É perfeitamente plausível que dada microempresa ou empresa de pequeno porte, optante pelo Simples Nacional, predominantemente devotada ao comércio, à indústria ou à prestação serviços, aufira receita da locação do único imóvel do qual é proprietária ou de um deles, conforme o caso.
Em tais situações, é relativamente comum indagar-se sobre a forma de tributação do rendimento e sobre se haveria algum outro reflexo à luz da legislação envolvida. Afinal, usualmente, ninguém aprecia correr riscos gratuitos em sua atividade - ainda mais os de natureza fiscal.
O desafio neste quadro é que a receita de locação de imóvel próprio não está abrangida no Simples Nacional e, na realidade, em princípio, impede a permanência do contribuinte no regime simplificado.
Isto porque a principal lei de regência do tipo prevê que a empresa que realize a locação de imóvel próprio não poderá recolher os impostos e contribuições na forma do regime diferenciado de tributação.
Convém destacar que a lei complementar legitimou as manifestações do Comitê Gestor na condição de regulador da matéria, delegando-lhe a tarefa de dispor sobre as particularidades que envolvem o exercício da opção e as hipótese de vedação, dentre outros.
Tal previsão é fundamental para a compreensão do alcance de uma de suas disposições, em especial, daquela que relacionou as atividades que gerariam receitas impeditivas ao regime simplificado. Na realidade, o Comitê Gestor chegou a prever de forma expressa que a receita de aluguel de imóvel próprio é impeditiva ao Simples Nacional.
Nem mesmo considerarei a frágil hipótese de que, por não figurar a atividade no rol informado pelo contribuinte à Receita Federal, poderia ou ser desprezada ou ser incluída nas demais receitas regulares. Uma flagrante dissimulação do fato gerador.
Corroborando o raciocínio, temos ainda a manifestação da Receita Federal do Brasil, por meio de uma de suas regionais, a qual apresentou leitura compatível com os princípios do Direito Tributário, com destaque, principalmente, à premissa de que a falta de autorização expressa na lei tributária implica em vedação.
Apesar de a solução de consulta ser direcionada a um caso concreto nos serve de parâmetro, ao menos, enquanto não ocorre a publicação de uma solução de divergência, na hipótese de se revelar necessário fazê-lo
Com base neste pontos, o entendimento proposto da matéria é reconhecidamente conservador, e nos levaria a considerar a existência de hipótese de vedação ao regime já ao ser firmado o contrato de locação.
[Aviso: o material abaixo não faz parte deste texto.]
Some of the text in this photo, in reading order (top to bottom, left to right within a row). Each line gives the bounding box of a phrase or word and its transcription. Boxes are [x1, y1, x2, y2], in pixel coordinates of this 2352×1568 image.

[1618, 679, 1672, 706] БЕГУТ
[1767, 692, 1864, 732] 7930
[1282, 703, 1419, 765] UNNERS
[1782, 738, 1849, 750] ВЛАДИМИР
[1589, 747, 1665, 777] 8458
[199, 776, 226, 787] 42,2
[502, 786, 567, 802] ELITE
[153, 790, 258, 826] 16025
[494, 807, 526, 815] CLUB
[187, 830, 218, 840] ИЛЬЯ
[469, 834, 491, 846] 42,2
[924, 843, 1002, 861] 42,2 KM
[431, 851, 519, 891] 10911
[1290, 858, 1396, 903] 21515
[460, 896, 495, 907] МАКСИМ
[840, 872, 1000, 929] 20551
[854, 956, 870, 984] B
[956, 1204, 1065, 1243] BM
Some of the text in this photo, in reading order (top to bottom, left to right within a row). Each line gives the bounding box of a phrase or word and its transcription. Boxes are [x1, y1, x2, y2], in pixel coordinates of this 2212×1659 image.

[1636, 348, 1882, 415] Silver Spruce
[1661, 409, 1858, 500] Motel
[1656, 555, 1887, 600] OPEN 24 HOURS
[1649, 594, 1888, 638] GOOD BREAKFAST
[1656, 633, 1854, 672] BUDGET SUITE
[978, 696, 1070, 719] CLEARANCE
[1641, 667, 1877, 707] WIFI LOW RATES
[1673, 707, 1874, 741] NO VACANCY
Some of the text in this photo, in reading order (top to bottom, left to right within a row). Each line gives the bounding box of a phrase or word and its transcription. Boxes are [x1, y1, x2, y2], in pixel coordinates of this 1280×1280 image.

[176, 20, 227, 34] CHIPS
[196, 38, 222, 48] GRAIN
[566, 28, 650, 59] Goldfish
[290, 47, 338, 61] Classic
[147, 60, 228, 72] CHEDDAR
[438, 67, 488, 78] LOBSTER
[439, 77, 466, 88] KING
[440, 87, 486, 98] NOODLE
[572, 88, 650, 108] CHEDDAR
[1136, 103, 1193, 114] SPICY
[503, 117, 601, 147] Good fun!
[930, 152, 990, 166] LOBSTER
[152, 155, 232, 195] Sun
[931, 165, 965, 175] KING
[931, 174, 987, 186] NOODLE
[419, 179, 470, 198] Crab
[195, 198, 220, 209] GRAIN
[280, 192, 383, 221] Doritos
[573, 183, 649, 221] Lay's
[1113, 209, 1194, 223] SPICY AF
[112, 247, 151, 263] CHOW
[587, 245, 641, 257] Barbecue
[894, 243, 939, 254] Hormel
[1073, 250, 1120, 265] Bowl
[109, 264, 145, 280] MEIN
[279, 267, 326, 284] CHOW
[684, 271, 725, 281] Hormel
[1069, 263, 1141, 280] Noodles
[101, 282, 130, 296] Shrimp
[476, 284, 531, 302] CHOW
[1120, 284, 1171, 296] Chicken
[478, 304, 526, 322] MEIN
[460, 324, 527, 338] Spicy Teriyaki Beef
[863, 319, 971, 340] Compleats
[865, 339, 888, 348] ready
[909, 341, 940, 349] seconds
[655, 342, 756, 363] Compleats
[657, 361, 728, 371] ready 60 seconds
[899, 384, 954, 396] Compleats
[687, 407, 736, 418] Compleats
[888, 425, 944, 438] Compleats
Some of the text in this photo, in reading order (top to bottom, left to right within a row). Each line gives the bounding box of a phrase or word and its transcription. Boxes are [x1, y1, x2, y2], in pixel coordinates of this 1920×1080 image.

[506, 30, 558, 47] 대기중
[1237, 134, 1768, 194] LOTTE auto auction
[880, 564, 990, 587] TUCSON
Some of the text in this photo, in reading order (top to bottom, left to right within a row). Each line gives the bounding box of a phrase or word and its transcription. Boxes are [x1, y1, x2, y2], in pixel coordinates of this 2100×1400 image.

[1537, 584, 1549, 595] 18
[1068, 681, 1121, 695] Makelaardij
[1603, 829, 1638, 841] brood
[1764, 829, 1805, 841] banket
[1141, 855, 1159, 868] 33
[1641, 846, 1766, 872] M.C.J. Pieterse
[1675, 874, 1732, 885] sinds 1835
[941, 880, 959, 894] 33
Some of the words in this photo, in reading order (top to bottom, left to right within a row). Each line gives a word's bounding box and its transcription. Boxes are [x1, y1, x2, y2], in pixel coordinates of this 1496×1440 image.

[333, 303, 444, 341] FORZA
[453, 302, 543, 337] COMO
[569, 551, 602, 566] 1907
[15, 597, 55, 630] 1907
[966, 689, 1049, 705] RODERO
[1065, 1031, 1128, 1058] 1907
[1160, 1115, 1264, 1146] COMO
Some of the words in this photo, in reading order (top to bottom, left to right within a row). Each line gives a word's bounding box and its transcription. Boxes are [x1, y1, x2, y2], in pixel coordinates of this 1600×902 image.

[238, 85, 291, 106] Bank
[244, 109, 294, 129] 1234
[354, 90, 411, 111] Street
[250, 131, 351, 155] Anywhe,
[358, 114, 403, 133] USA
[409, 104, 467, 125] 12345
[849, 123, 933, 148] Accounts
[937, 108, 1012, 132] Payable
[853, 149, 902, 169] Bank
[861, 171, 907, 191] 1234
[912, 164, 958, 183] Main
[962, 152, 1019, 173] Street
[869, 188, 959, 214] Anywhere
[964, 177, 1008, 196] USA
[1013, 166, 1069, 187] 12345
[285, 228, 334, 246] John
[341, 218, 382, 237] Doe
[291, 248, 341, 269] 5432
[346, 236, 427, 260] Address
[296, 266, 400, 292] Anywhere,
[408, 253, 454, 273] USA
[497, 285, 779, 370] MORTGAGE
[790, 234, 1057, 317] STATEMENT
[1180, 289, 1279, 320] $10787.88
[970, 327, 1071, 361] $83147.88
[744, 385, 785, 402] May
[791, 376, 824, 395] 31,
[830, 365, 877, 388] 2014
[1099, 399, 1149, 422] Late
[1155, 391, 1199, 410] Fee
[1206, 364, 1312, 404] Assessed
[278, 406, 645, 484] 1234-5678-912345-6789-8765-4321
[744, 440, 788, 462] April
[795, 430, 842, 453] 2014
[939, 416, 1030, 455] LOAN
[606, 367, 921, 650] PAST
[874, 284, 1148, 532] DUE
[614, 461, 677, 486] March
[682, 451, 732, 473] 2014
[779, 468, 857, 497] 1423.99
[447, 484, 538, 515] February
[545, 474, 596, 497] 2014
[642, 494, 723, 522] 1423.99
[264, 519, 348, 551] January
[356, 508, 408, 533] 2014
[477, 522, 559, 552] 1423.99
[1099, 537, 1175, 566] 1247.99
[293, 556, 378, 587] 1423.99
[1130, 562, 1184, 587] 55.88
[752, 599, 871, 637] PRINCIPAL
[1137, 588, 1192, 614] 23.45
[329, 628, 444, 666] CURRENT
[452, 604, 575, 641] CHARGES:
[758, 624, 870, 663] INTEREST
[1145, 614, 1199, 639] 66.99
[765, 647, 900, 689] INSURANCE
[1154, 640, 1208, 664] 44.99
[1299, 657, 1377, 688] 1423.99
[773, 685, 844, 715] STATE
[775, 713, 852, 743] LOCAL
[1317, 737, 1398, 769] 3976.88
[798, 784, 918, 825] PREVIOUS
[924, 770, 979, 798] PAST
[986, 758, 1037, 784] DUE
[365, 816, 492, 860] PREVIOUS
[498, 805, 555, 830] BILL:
Este posicionamento tornaria necessária a comunicação da exclusão obrigatória no próprio mês, com produção de efeitos a partir do primeiro dia do mês seguinte ao da ocorrência da situação de vedação, segundo dispõe a legislação.
Nesta perspectiva, é aconselhável também refletir sobre os atos constitutivos, já que a existência da atividade secundária deveria estar neles prevista, o que poderia levar à alteração dos instrumentos, conforme o caso.
Apesar disso é preciso reconhecer que alguns profissionais poderiam defender postura pretensamente mais arrojada, em outros termos, que a empresa em tal circunstância deveria apenas acumular a receita numa das tabelas já utilizadas na condição de contribuinte.
A principal alegação para uma medida como esta é a de que a rastreabilidade seria praticamente impossível ao Fisco nesses casos. Raciocínio temerário, mas encontrado com alguma frequência no mercado.
Por fim, dada a natureza controversa do tema, cabe a recomendação ao interessado no sentido de que ingresse com consulta formal junto à Fazenda, ou, no mínimo, busque o amparo por estudos que foquem os detalhes do caso concreto, considerando os riscos específicos que eventualmente a empresa e os gestores correrão.